Disputes present us with the opportunity to negotiate or take a more adversarial approach (arbitrate or litigate). Litigation has traditionally been viewed as the most aggressive method – trying to take it all with both hands.As a jurisdiction, Singapore at the start of this year announced the opening of the Singapore International Commercial Court (SICC) in order to handle litigation on global business deals. According to Clyde & Co’s Prakash Pillai, “Singapore’s dispute resolution landscape has been evolving rapidly over the last few years”, and it “has been growing as the prime destination for dispute resolution in Asia”.

Citing reasons for this belief, Pillai said that “First, Singapore continues to be the preferred base of operations for businesses and multi-national corporations, particularly those operating in South and Southeast Asia, which are highly likely to litigate their disputes in Singapore”.

Giving another factor, Pillai stated “With the formation of the SICC, parties may bring their disputes, which are not otherwise linked to Singapore, for litigation in Singapore. The choice of Singapore law in commercial contracts, and Singapore’s plans to negotiate more agreements for effective enforcement of the SICC’s judgements in foreign jurisdictions are likely to attract more international parties to Singapore for litigation.

“Third, the strong reputation of Singapore’s judiciary as being efficient, competent and honest may attract international litigants to resolve their disputes before the courts in Singapore”, Pillai went on to say.


As claimed by Chee Kwan in favour of litigation, “Most litigants still prefer court proceedings to arbitration as a court order can be enforced immediately without having to go through the preliminary steps of registration as required for an arbitration award. The cost of arbitration also deters litigants from opting for arbitration.”On the difference between the two in Hong Kong, Laracy said “It is trite to say that a properly drafted arbitration clause will exclude a right of recourse to the courts. In that sense, arbitration and litigation are indeed mutually exclusive.
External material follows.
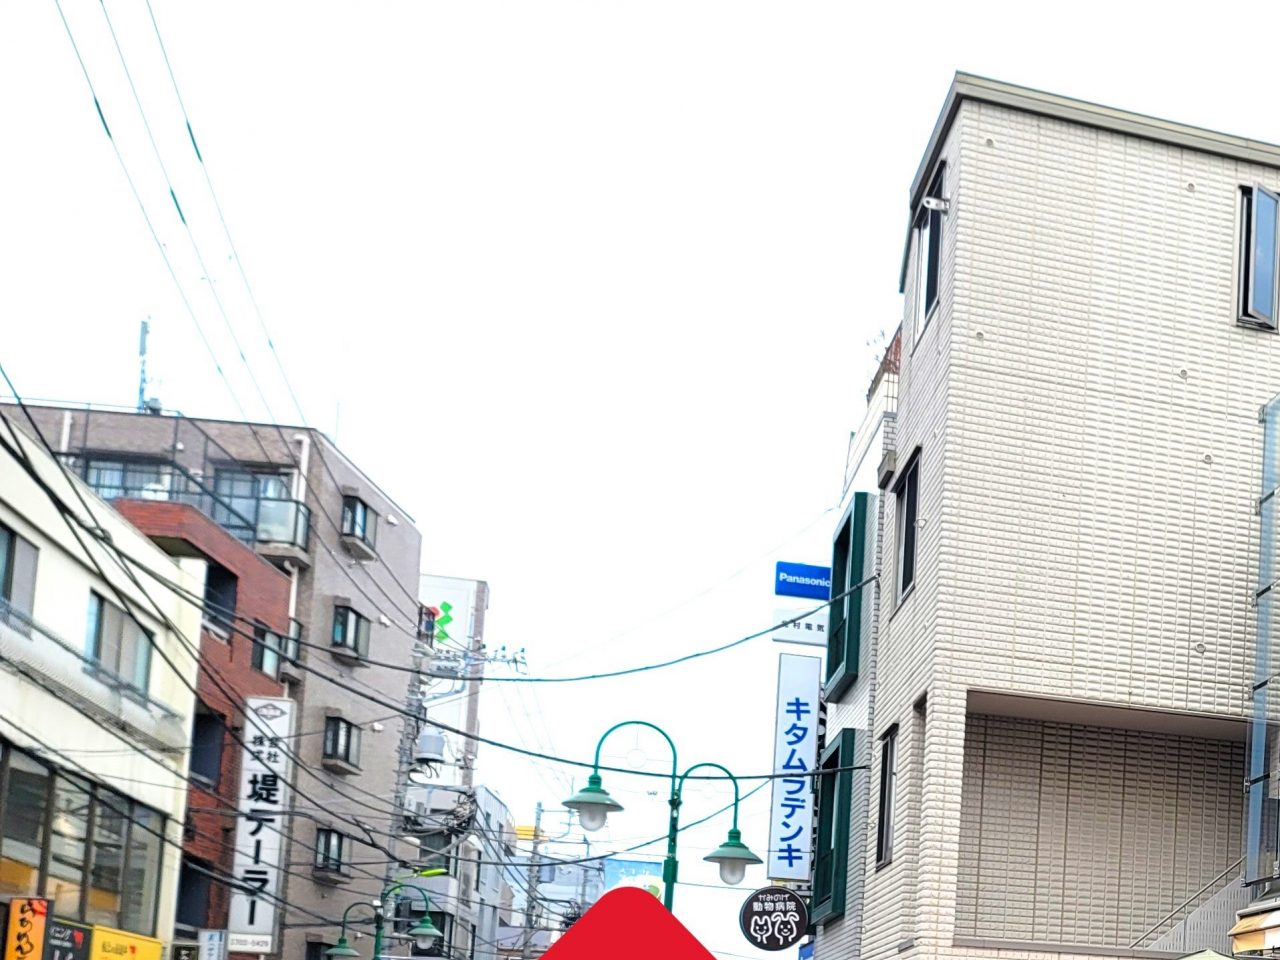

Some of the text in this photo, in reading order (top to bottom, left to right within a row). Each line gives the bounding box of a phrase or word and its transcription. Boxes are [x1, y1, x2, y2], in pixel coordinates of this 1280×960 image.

However, as arbitration continues to thrive in Hong Kong (in large part due to the efforts of the HKIAC), so too does the spin off litigation from arbitration”.

Similarly, Pillai remarked that “Litigants can draw support from the binding legal precedent (compliance with which can be reviewed in appeal) and presence of formal legal procedures in litigation”.

In reference to Malaysia’s arbitration centre, the KLRCA, Chee Kwan said “The KLRCA and judiciary each has a role to play and are both supportive of one another”. Though as a jurisdiction Malaysia is less established, with “The first 30 years of the HKIAC hav[ing] been spectacularly productive” according to Laracy, Malaysia can boast of being a less expensive jurisdiction than its counterparts, making it a particularly cost-effective venue.


In Hong Kong and Singapore too, those asked see the role of litigation complimenting arbitration, with Laracy saying “There remain many instances in which the functions of the Hong Kong High Court can be invoked to support and strengthen the arbitration process” and Pillai saying “Singapore offers robust and efficient regimes for both litigation and arbitration. Whether the difference between the two regimes can be advantageous or not depends largely on the preferences of the parties and the circumstances of their dispute”.